PART 1: EXECUTIVE SUMMARY

This compliance guide addresses a significant amendment to India's direct tax laws that fundamentally alters how businesses can claim deductions for payments made to a substantial portion of their supply chain. The core of this change is not a transition to a new Direct Tax Code in 2025, but rather the introduction of Section 43B(h) into the existing Income Tax Act, 1961, effective April 1, 2024. This provision is designed to enforce timely payments to Micro and Small Enterprises (MSEs) and carries substantial tax implications for non-compliance.

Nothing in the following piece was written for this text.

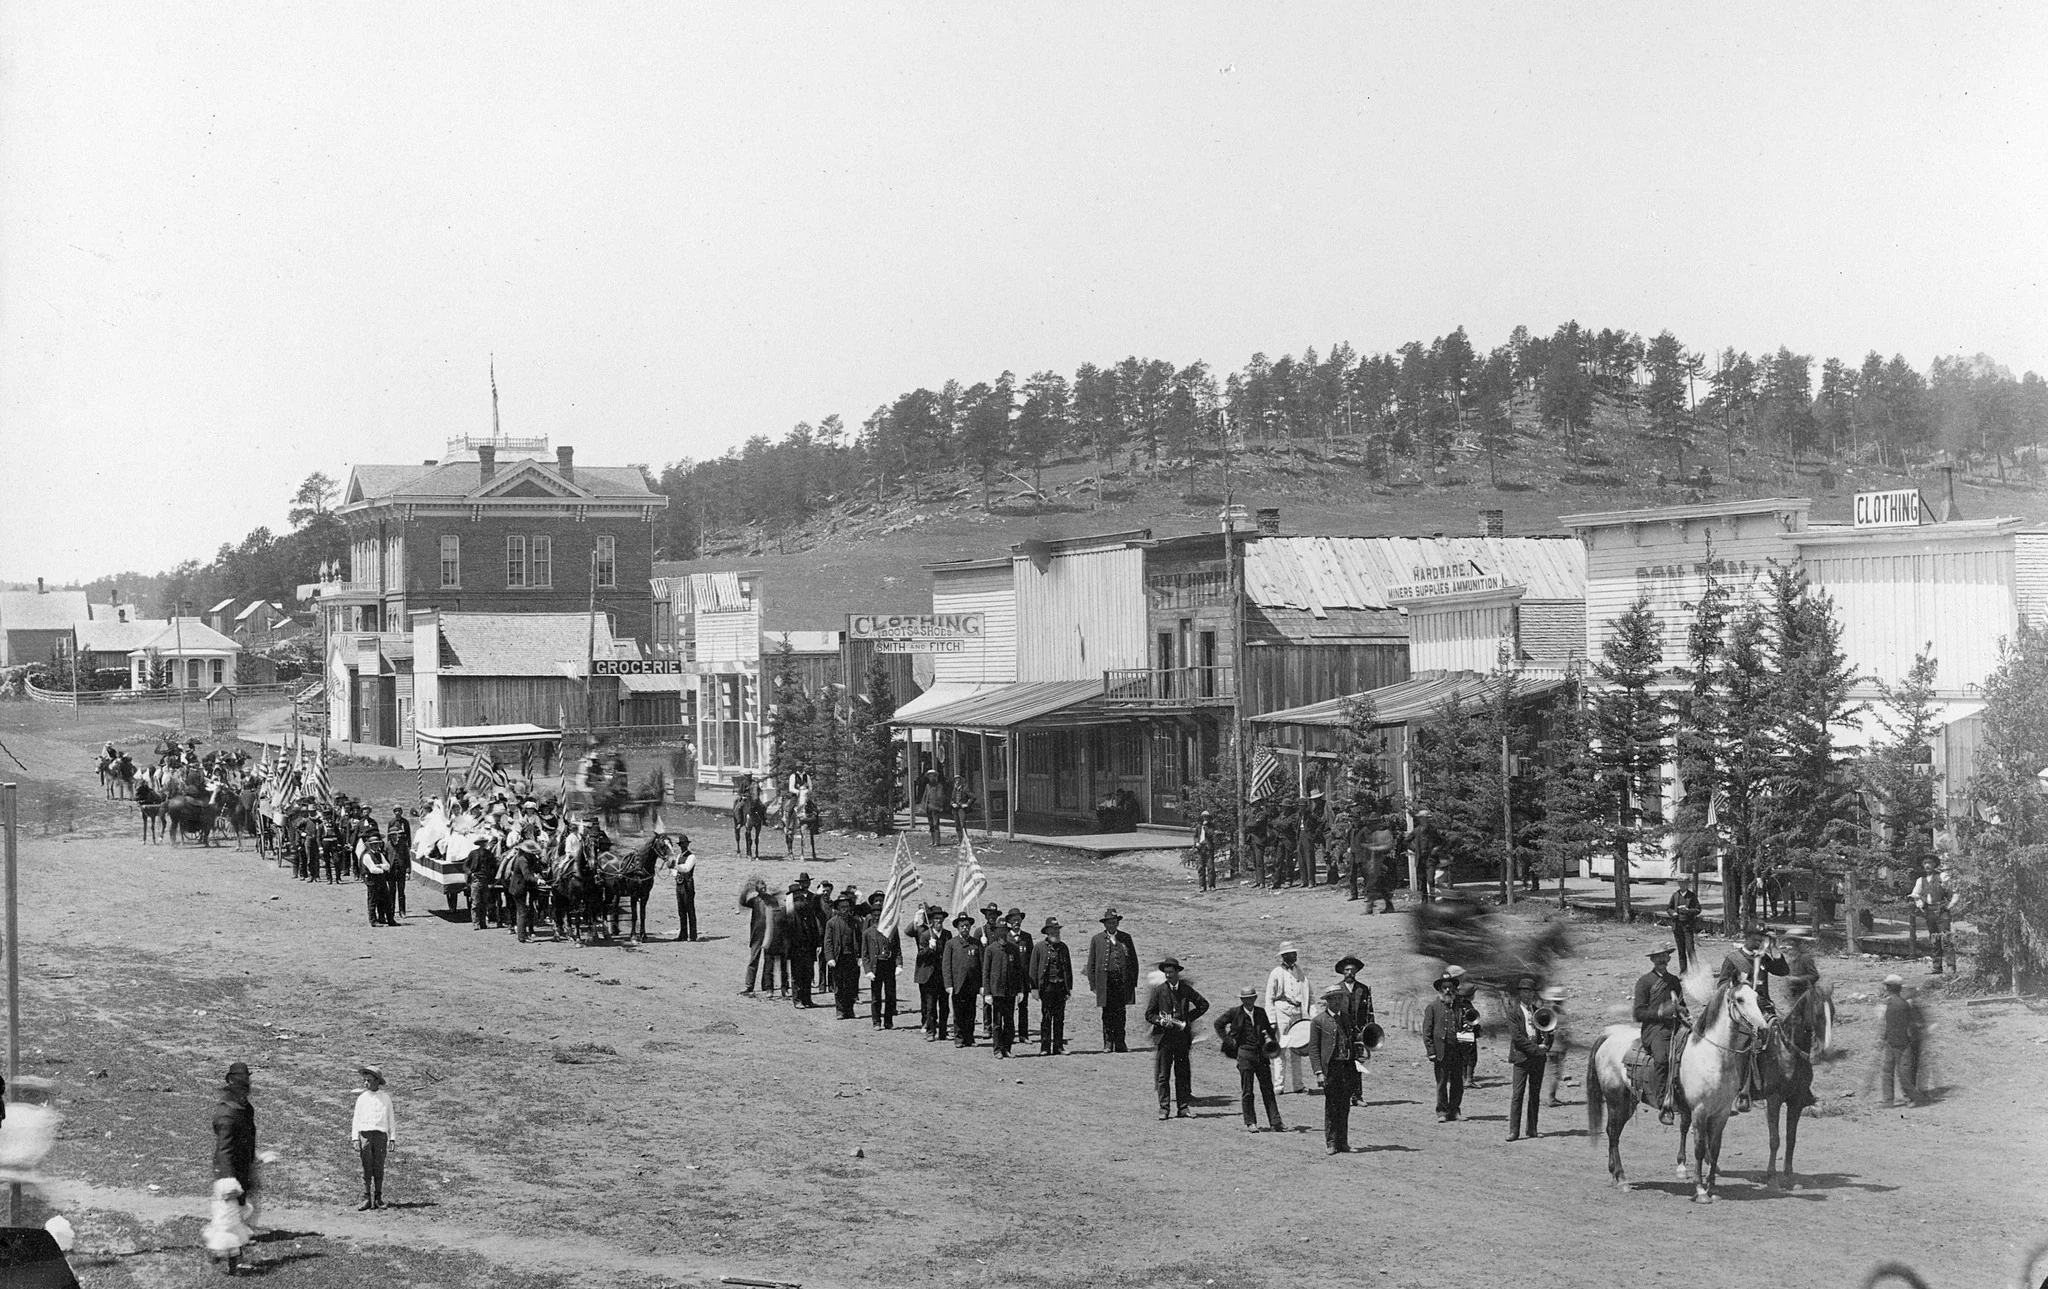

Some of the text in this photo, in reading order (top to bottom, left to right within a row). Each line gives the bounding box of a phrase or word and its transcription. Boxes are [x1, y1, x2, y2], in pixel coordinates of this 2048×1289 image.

  • The Old Law (Income Tax Act, 1961 - Pre-Amendment): Previously, under the accrual system of accounting, businesses could claim an expense for goods or services purchased from any supplier in the financial year the invoice was booked, regardless of when the payment was actually made. The general provisions of Section 43B applied to certain statutory payments, but not specifically to trade payables with such stringent timelines.

  • The New Law (Section 43B(h) Amendment): The new law mandates that if a buyer fails to pay a registered Micro or Small Enterprise supplier within the timeframe prescribed under the Micro, Small and Medium Enterprise Development (MSMED) Act, 2006, the expense will be disallowed for that financial year. The deduction can only be claimed in the financial year that the payment is actually made. The prescribed timelines are 15 days from the date of acceptance if there is no written agreement, or a maximum of 45 days if a formal written agreement on payment terms exists.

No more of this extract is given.